The Indian electric vehicle market was valued at USD 1,434.04 billion in 2021, and is expected to reach USD 15,397.19 billion by 2027, registering a CAGR of 47.09% during the forecast period (2022-2027). Indian cars can already be exported at 10% duty to Europe. Obviously, India will not gain much by further reduction of EU duties for cars but if Indian duties are reduced by 50% or even more, it will be a substantial reduction in tariff.

The automotive semiconductor market is expected to reach USD 48.78 Billion by 2022. The rising trend of vehicle electrification and the growing demand for advanced safety, convenience and comfort systems are the other factors driving the growth of semiconductor content in automobiles. The three fastest-growing applications are telematics and infotainment, powertrain, and safety.

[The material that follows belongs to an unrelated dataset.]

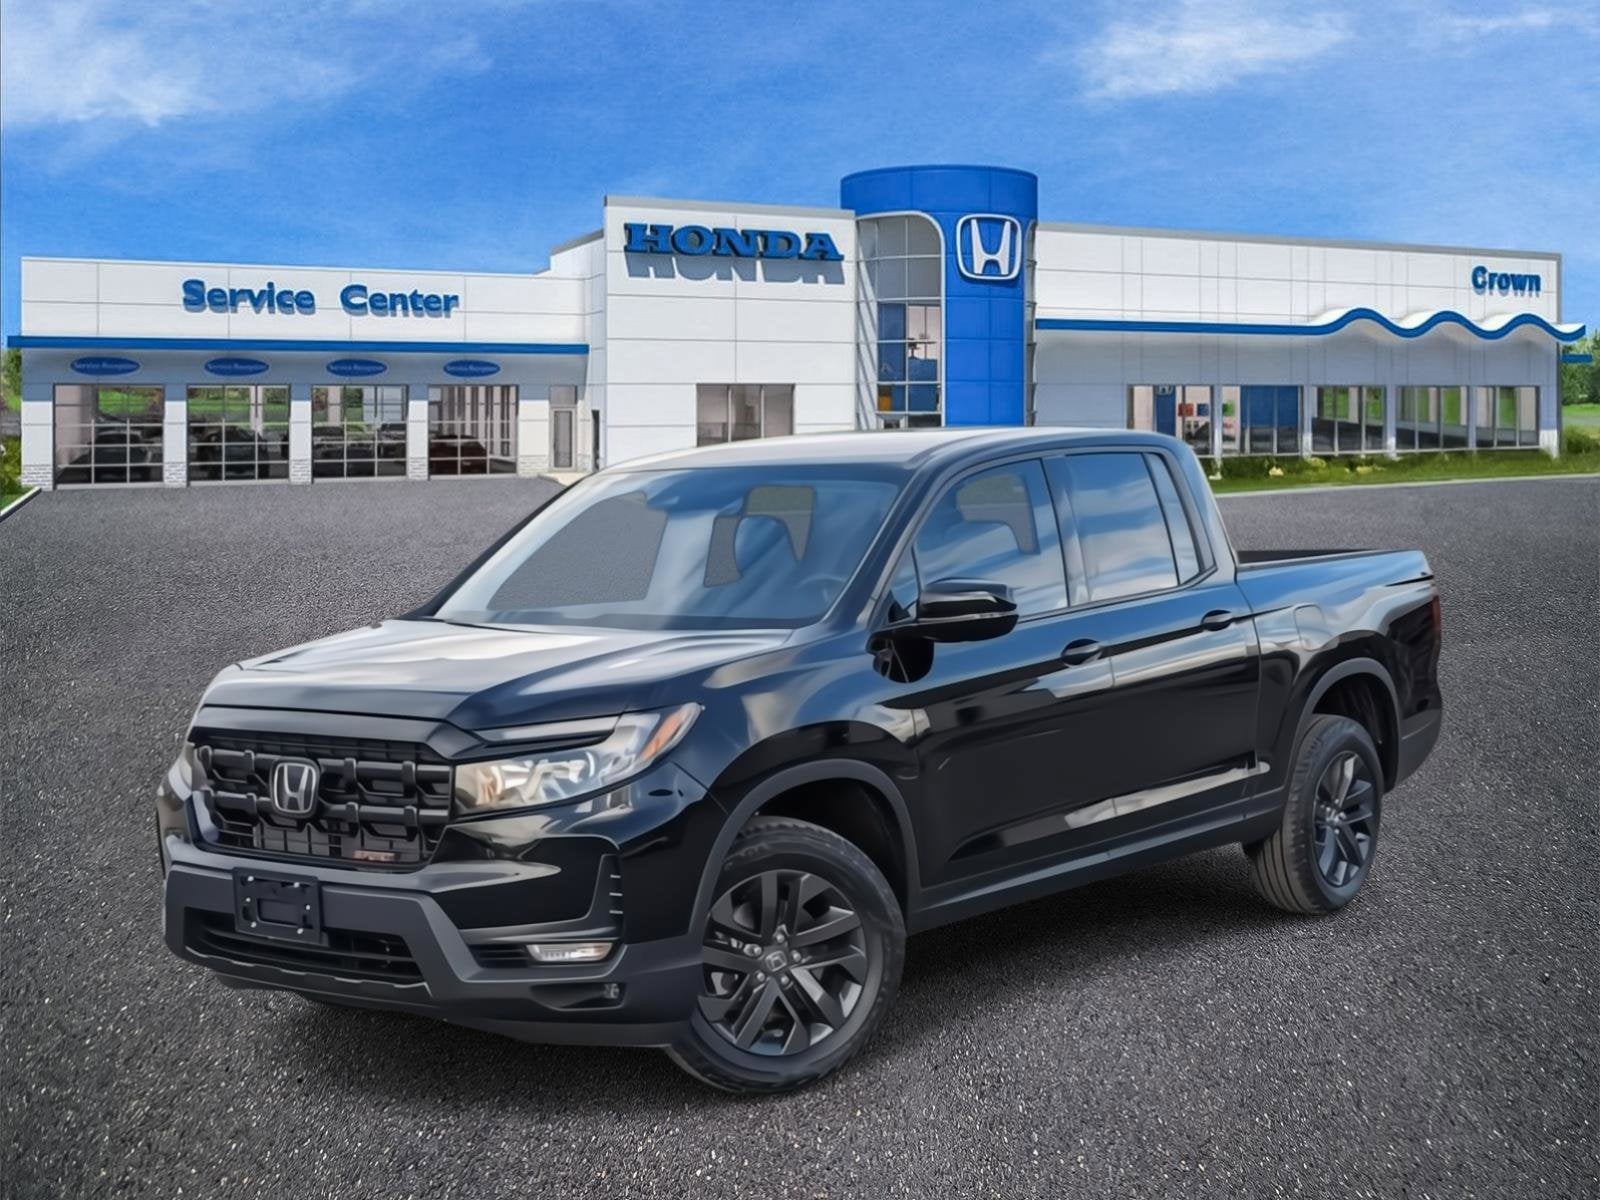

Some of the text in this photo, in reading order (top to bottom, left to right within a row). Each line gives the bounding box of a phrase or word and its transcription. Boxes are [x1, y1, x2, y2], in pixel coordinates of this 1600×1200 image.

[624, 222, 845, 261] HONDA
[1471, 265, 1542, 292] Crown
[182, 279, 460, 314] Service Center

Potential EU tariff duty savings from an EU-India FTA based on India’s tariff schedule:

Major Sector Pre-FTA EffectiveTariff Rate (%) Post FTA EffectiveTariff Rate (%) Tariff Gains(Million USD)
Precision Instruments 5.65 % 0.13% USD 170.30
Vehicles/Aircraft 8.71 % 5.35% USD 143.46


The recent developments, as mentioned above, are quite indicative of a positive outcome with respect to the upcoming India-EU FTA negotiations. However, it is to be noted that a comprehensive trade and investment deal may need to address the roadblocks that occurred during previous negotiations between India and the EU, especially on digital trade and student and workers visas. Given the undeniable difficulties of such comprehensive negotiations, a way to continue to build momentum without the risk of an abrupt end to the negotiations would be to start with a more limited proposal focused on reducing barriers to investment in manufacturing. This would have to cover investment protection at the EU level but also improve the level playing field.